** Opening Data for analysis block **

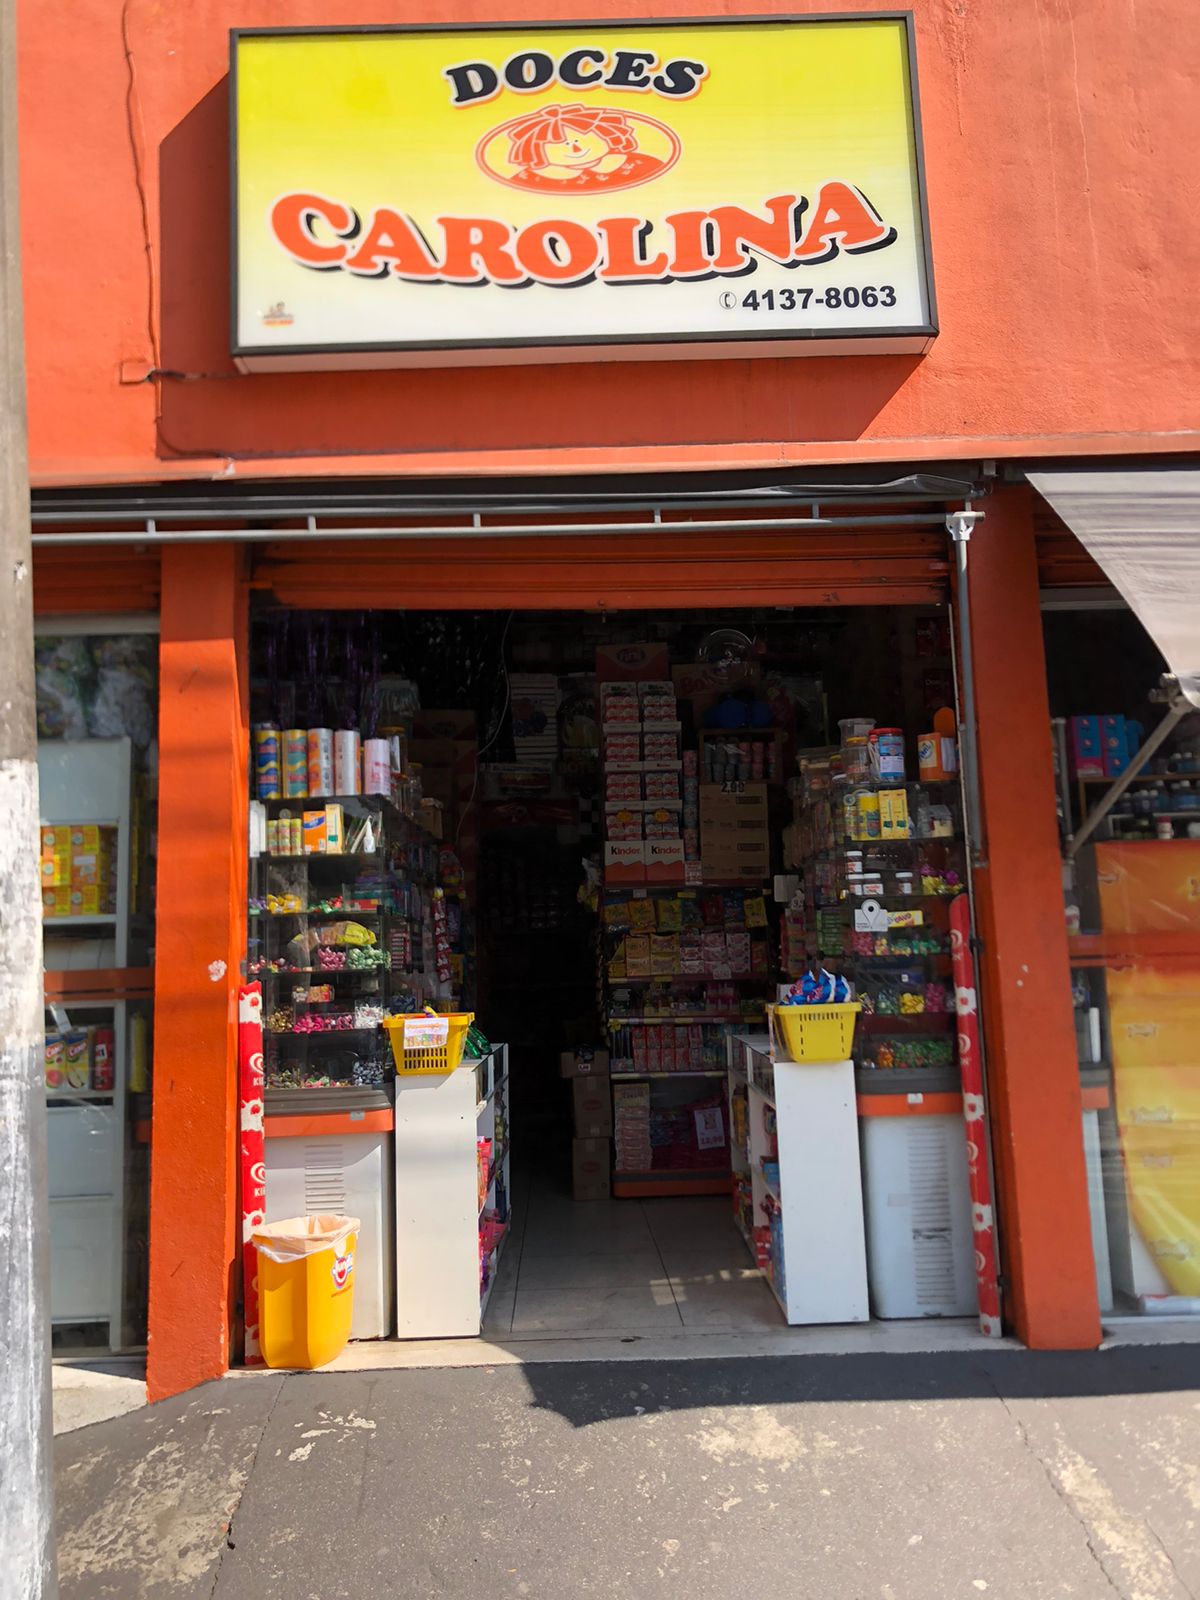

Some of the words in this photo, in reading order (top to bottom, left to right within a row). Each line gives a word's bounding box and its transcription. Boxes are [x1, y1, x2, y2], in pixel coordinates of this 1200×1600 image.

[446, 50, 706, 103] DOCES
[271, 182, 896, 287] CAROLINA
[741, 286, 897, 311] 4137-8063
[611, 846, 640, 855] Kinder
[651, 846, 681, 855] Kinder

** Closing Data for analysis block **

## What you have to do
Reprint the listing above verbatim but drop the images.

## Solved problem
Some of the words in this photo, in reading order (top to bottom, left to right within a row). Each line gives a word's bounding box and its transcription. Boxes are [x1, y1, x2, y2], in pixel coordinates of this 1200×1600 image.

[446, 50, 706, 103] DOCES
[271, 182, 896, 287] CAROLINA
[741, 286, 897, 311] 4137-8063
[611, 846, 640, 855] Kinder
[651, 846, 681, 855] Kinder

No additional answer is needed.